Análises

Seria seu melhor amigo uma ameaça à biodiversidade?

Cães e gatos são excelentes caçadores e quando acessam áreas naturais causam a morte de inúmeros animais, seja para alimentação ou apenas para diversão

Laise Orsi Becker · Leonardo Arthur Keller Neto · Micheli Ribeiro Luiz ·
25 de junho de 2020 · 4 anos atrás

Os cães têm estado ao lado dos seres humanos há cerca de 20 mil anos, servindo de companhia e auxiliando nas caçadas. Os gatos não ficam para trás, eram venerados pelos faraós e dominam as redes sociais na atualidade. Porém, quando cães e gatos vivem dentro de áreas naturais ou são criados soltos próximos a elas, são considerados espécies exóticas invasoras e podem se tornar um problema para conservação da fauna silvestre.  

O Brasil está entre os países com maior número de cães e gatos (78,1 milhões de indivíduos).

Em 2013, o IBGE estimou que uma a cada cinco residências brasileiras possuíam pelo menos um gato, e duas a cada cinco possuíam ao menos um cachorro. Mas a taxa de abandono de animais chega a 40% no país, e a 75% quando consideramos o mundo todo.

Exímios caçadores

Cães e gatos são excelentes caçadores e quando acessam áreas naturais causam a morte de inúmeros animais, seja para alimentação ou apenas para diversão.

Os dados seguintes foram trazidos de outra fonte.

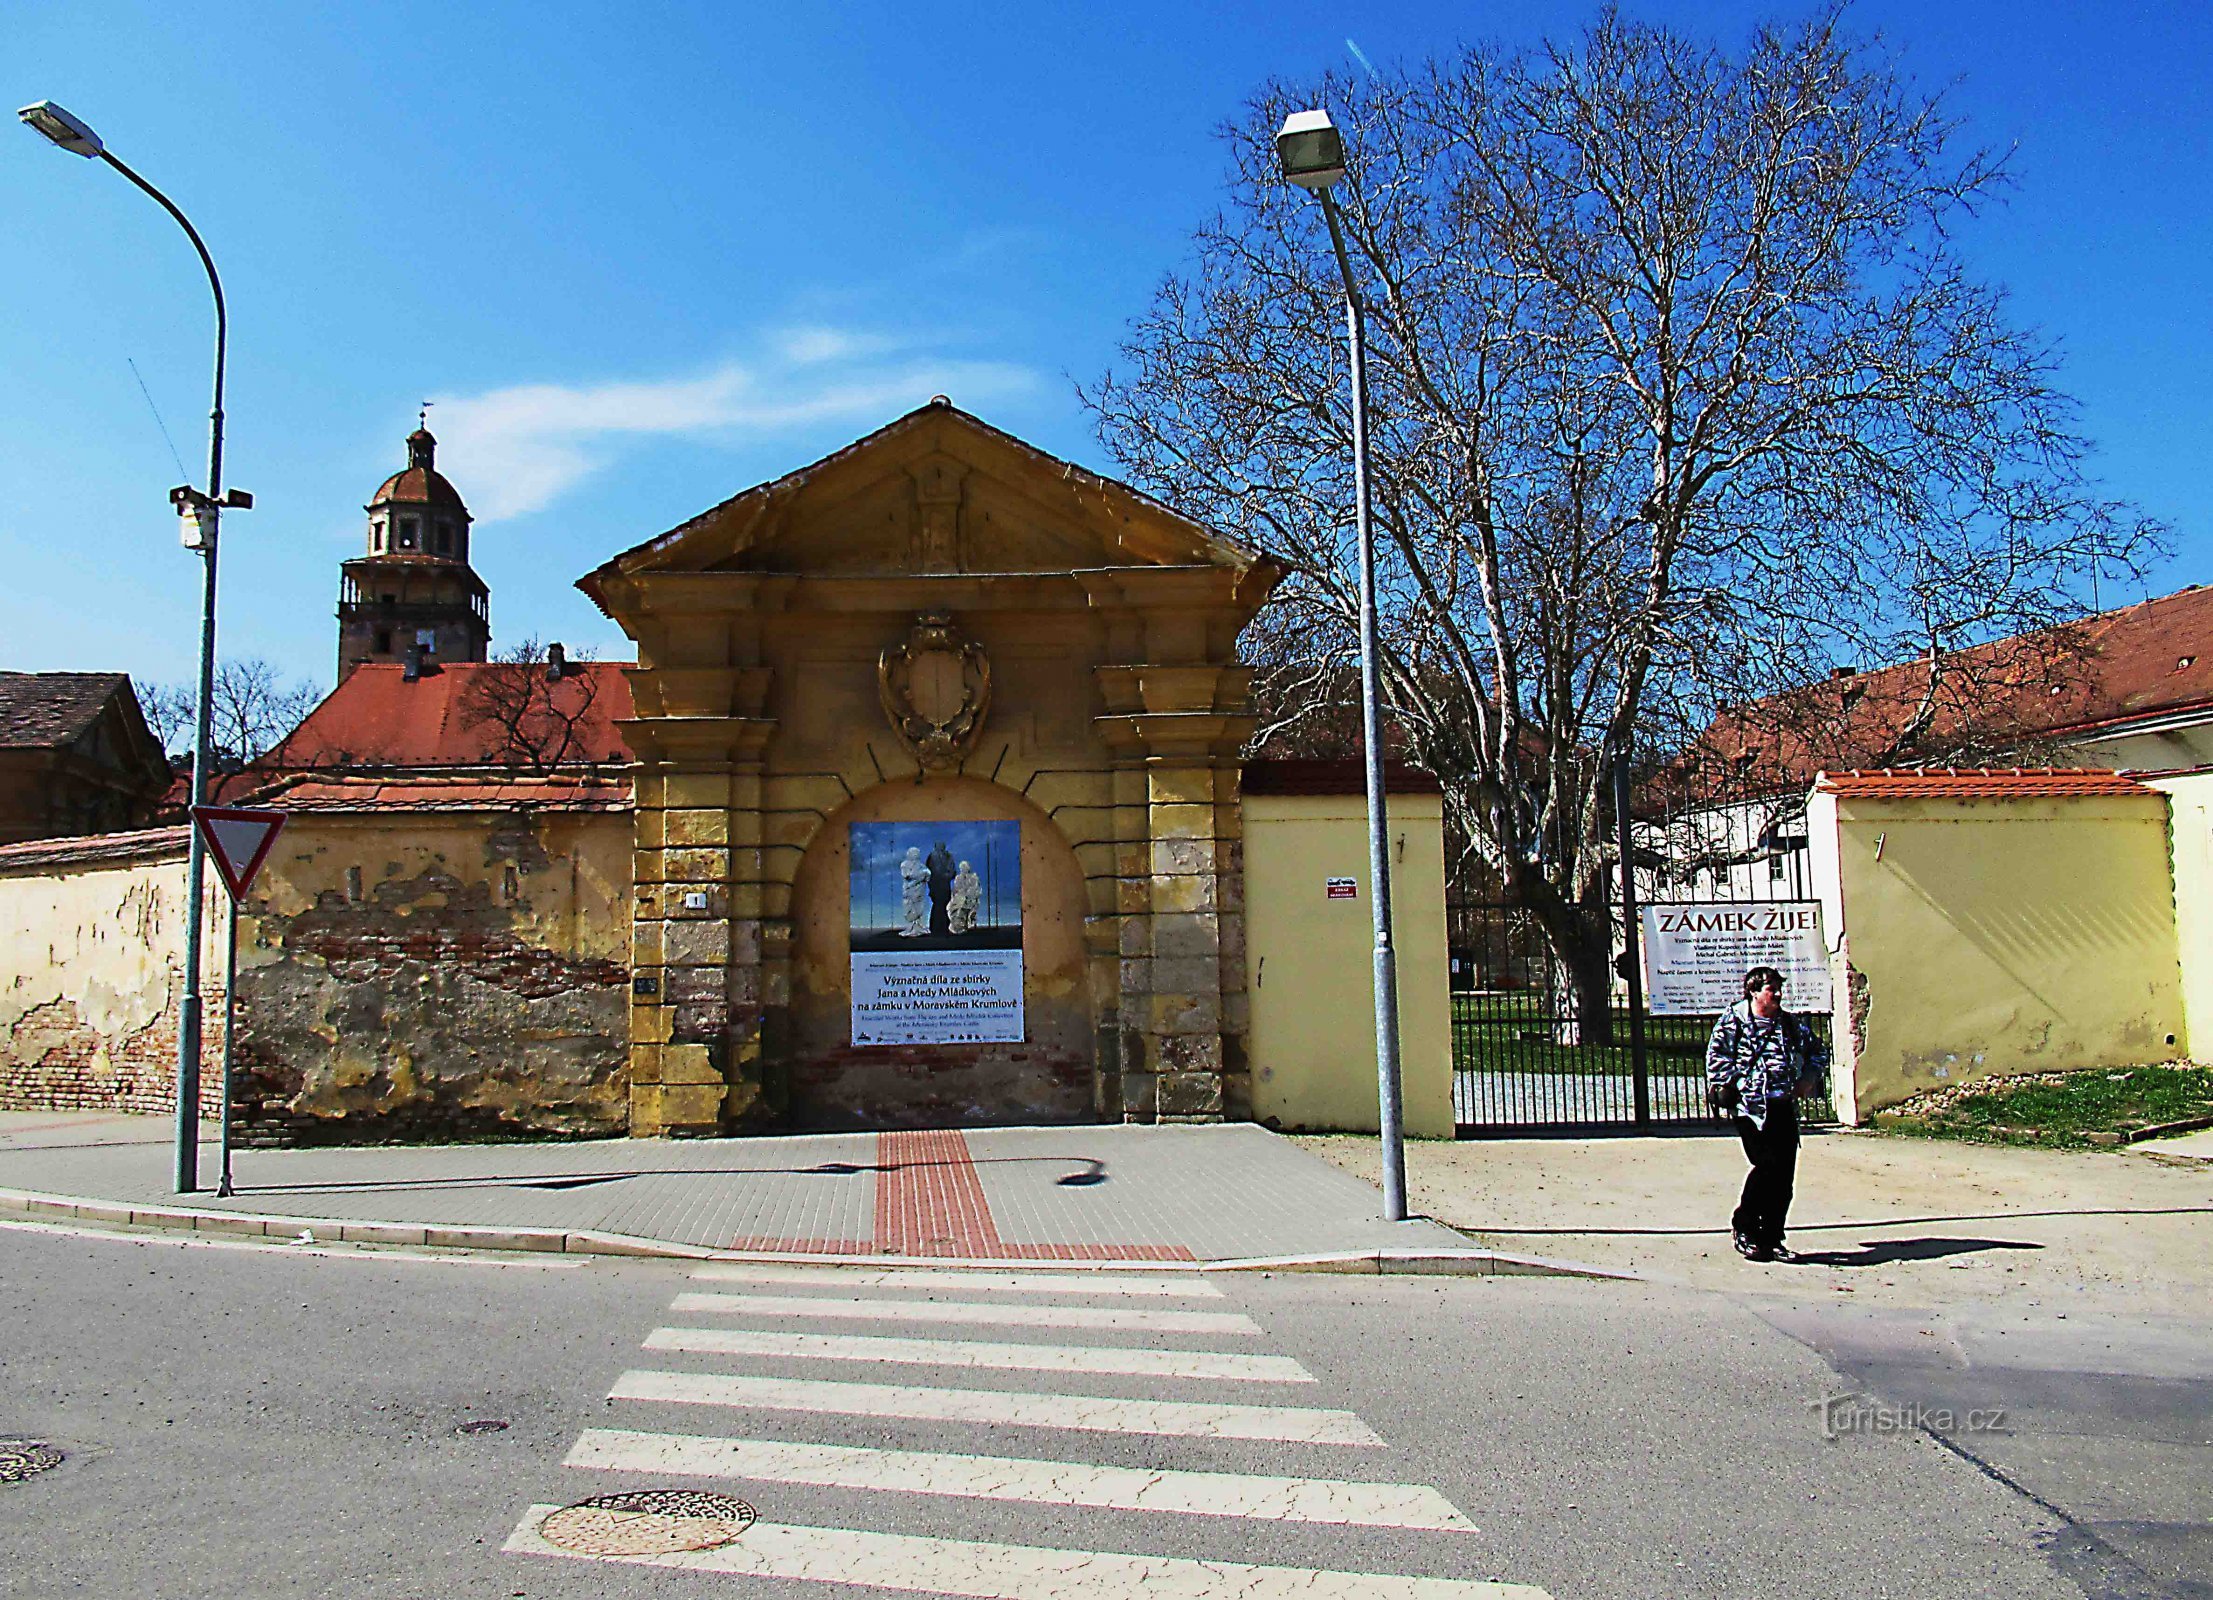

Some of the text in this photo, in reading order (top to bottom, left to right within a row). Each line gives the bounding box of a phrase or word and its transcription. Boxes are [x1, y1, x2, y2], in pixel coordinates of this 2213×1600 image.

Caçam desde pequenas aves e mamíferos até animais maiores, como veados e antas. Em 2013, um estudo da Universidade de Oxford, na Inglaterra, listou 64 espécies de animais selvagens interagindo com cães, sendo que 63 delas estavam na Lista Vermelha de Espécies Ameaçadas da IUCN (União Internacional para Conservação da Natureza).

Um estudo publicado na “Nature Communications” em 2013, mostrou que os felinos matam anualmente entre 1,4 bilhão e 3,7 bilhões de aves apenas nos Estados Unidos. O problema é tão grave que, em alguns estados do país, só é permitida a posse de gatos no interior das casas, sem nenhum acesso a áreas externas, como jardins e quintais.

Na ilha de Fernando de Noronha vivem mais de mil gatos, o que corresponde a um gato para cada quatro habitantes. Nem sempre moradores e turistas notam, mas o lagarto nativo mabuia (Trachelepys atlantica), o rabo-de-junco-de-bico-laranja (Phaethon lepturus) e a cocoruta (Elaenia ridleyana) sentem o perigo.

Em 2018, o Instituto Chico Mendes de Conservação da Biodiversidade (ICMBio) publicou um Plano de Ação para o Controle de Gatos em Fernando de Noronha.

Na foto ao lado, um gato de vida livre com um lagarto mabuia em Fernando de Noronha.

O lagarto mabuia (Trachelepys atlantica), o rabo-de-junco-de-bico-laranja (Phaethon lepturus) e a cocoruta (Elaenia ridleyana). Fotos: Laise Orsi Becker (o lagarto)/Wikipédia.

Outros impactos

Estudos em unidades de conservação brasileiras apontaram que 37 espécies nativas são afetadas pela presença de cães, não apenas pela predação, mas também por competição e disseminação de doenças.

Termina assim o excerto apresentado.